Recognizing file records as messages to be parsed

Use the FileInput, FTEInput and FileRead nodes to segment your input file into messages that are to be parsed.

The node segments your input file into messages that are to be parsed by one of the following parsers:
  • XMLNSC
  • MRM Custom Wire Format (CWF)
  • MRM Tagged Delimited String Format (TDS)
The Message domain property of the node specifies the parser to use; XMLNSC or MRM. Specify Parsed Record Sequence for the Record detection property so that the node splits the file into messages to be parsed by either the XMLNSC parser or MRM parser.

The XMLNSC parser

If you select the XMLNSC parser, the end of the root tag marks the end of the message. XML comments, XML processing instructions, and white space that appear after the end of the XML message are discarded.
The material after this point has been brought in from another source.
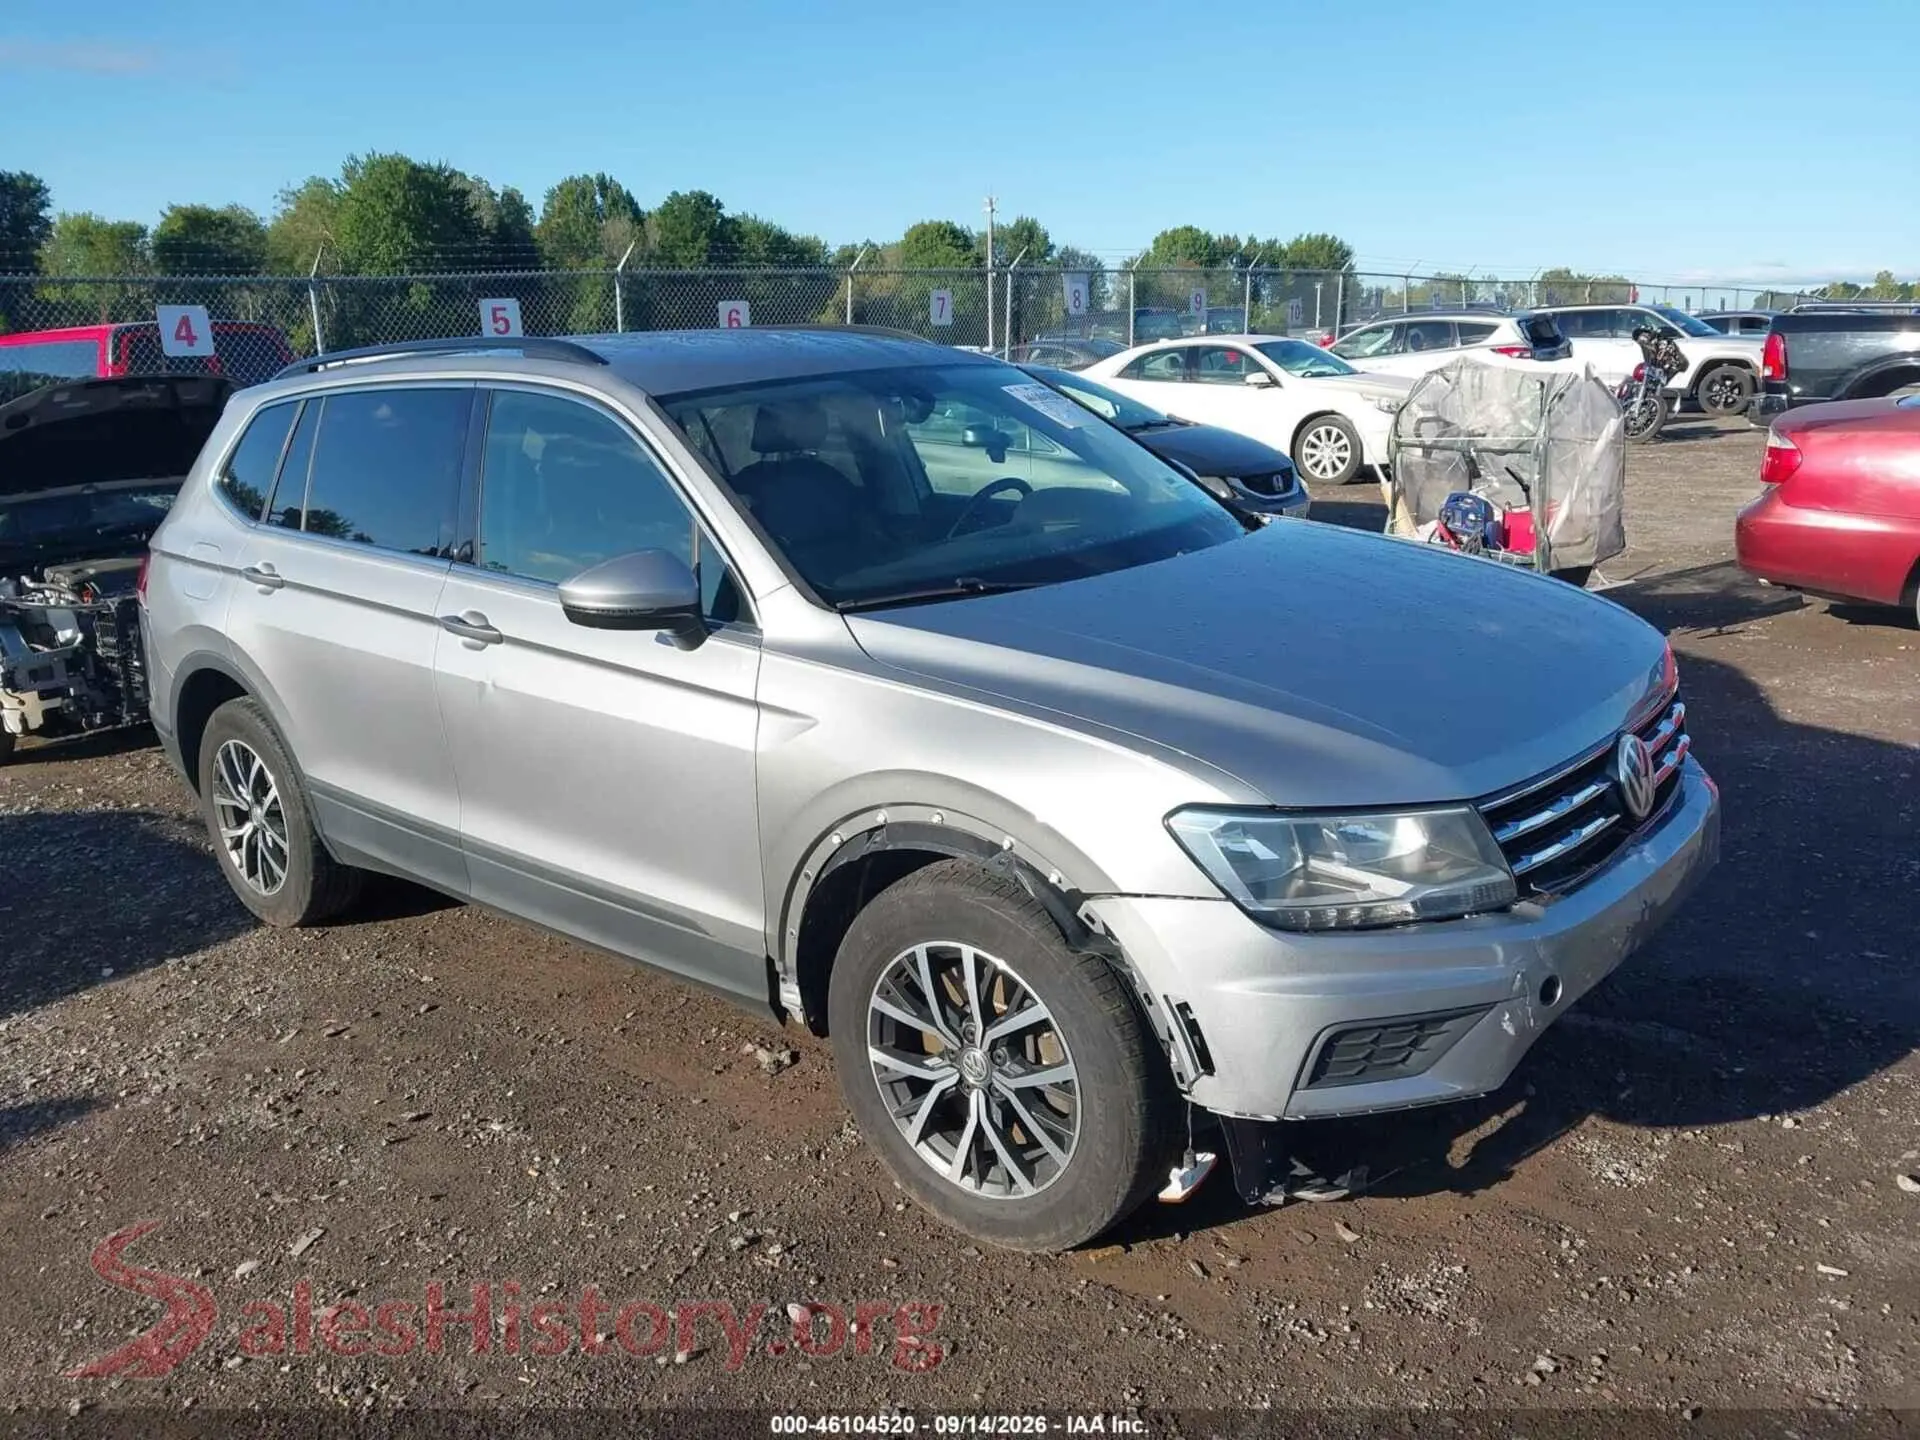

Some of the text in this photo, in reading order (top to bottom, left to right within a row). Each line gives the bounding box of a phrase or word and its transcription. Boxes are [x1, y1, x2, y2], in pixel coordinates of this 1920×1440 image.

The start of the next XML message is marked either by the next XML root tag or the next XML prolog.

The MRM parser

If you select an MRM parser, ensure that the message model has a defined message boundary and does not rely on the parse being stopped when it reaches the end of the bit stream. If the final element has a maxOccurs value of -1, the parser continues to read bytes until the end of the bit stream or until it encounters bytes that cause a parsing exception. In either case, the parser is unable to identify the end of one message and the start of the next. If you use Data Element Separation = Use Data Pattern, ensure that the pattern recognizes a specified number of bytes. Be aware, therefore, that a pattern of * identifies all available characters and so would read an entire input file.
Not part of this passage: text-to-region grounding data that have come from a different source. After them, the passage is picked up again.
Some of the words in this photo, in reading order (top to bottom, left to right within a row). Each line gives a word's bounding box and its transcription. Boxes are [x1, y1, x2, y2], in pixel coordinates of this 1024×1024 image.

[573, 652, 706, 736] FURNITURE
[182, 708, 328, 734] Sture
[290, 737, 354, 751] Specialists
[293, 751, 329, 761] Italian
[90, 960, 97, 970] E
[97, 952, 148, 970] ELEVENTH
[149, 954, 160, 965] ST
If you use delimited separations with message group indicators and terminators, ensure that the combination of group indicator and terminator does not match a record delimiter. For example, a message might start with a left brace ({) and end with a right brace (}). If there is a delimiter of }{ within the message, the delimiter matches the boundary between multiple messages; as a result, a delimiter within the current message might be identified as a message boundary. This might cause bytes in a subsequent message to be included in the current message causing parser exceptions or unexpected content in the parse tree.